**Records shown**
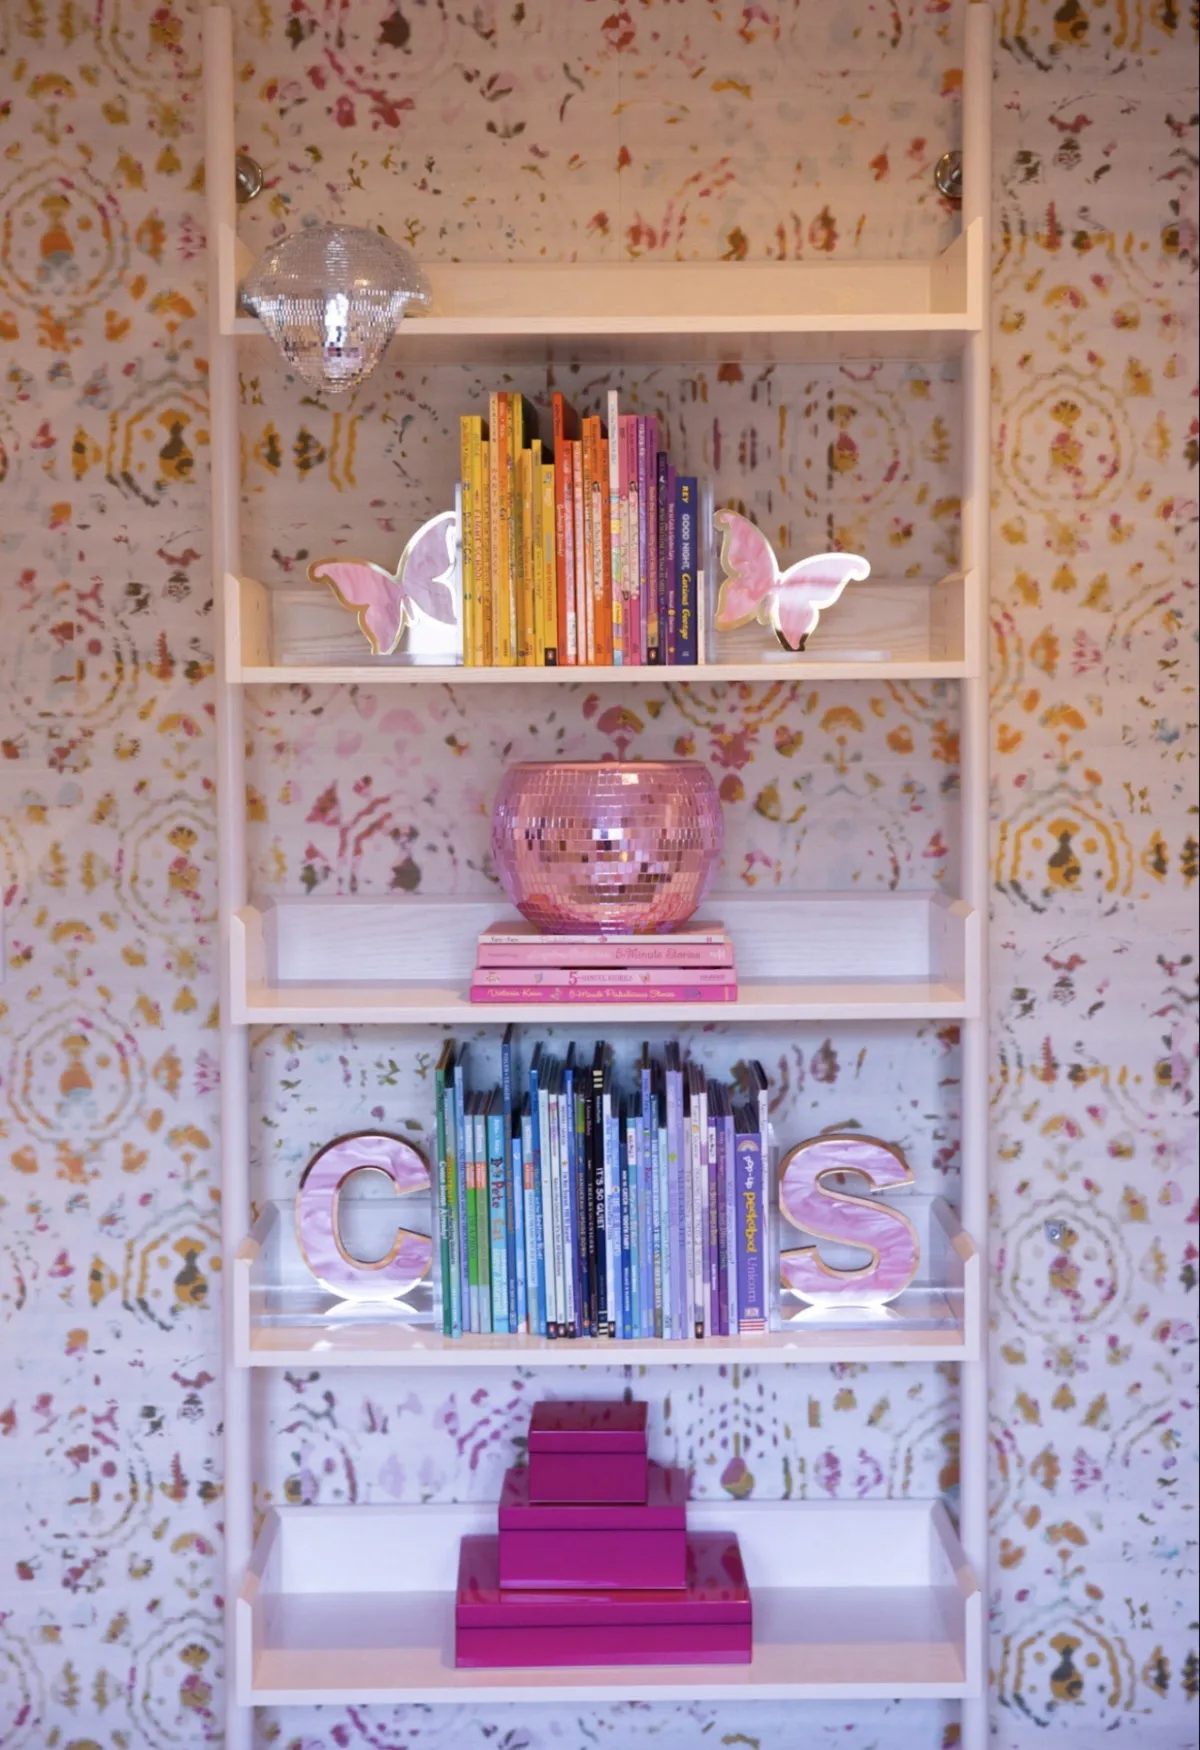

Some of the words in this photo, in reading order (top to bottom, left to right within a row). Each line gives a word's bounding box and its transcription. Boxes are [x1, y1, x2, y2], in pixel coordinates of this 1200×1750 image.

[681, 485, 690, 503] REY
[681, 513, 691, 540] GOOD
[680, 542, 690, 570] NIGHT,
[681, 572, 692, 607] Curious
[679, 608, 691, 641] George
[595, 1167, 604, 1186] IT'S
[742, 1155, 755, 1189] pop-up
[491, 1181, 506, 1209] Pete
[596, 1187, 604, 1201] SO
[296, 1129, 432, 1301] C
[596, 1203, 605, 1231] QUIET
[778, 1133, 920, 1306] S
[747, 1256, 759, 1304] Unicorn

**Exercise**
Without including any picture, retype the entries exactly.

**Answer to the problem**
Some of the words in this photo, in reading order (top to bottom, left to right within a row). Each line gives a word's bounding box and its transcription. Boxes are [x1, y1, x2, y2], in pixel coordinates of this 1200×1750 image.

[681, 485, 690, 503] REY
[681, 513, 691, 540] GOOD
[680, 542, 690, 570] NIGHT,
[681, 572, 692, 607] Curious
[679, 608, 691, 641] George
[595, 1167, 604, 1186] IT'S
[742, 1155, 755, 1189] pop-up
[491, 1181, 506, 1209] Pete
[596, 1187, 604, 1201] SO
[296, 1129, 432, 1301] C
[596, 1203, 605, 1231] QUIET
[778, 1133, 920, 1306] S
[747, 1256, 759, 1304] Unicorn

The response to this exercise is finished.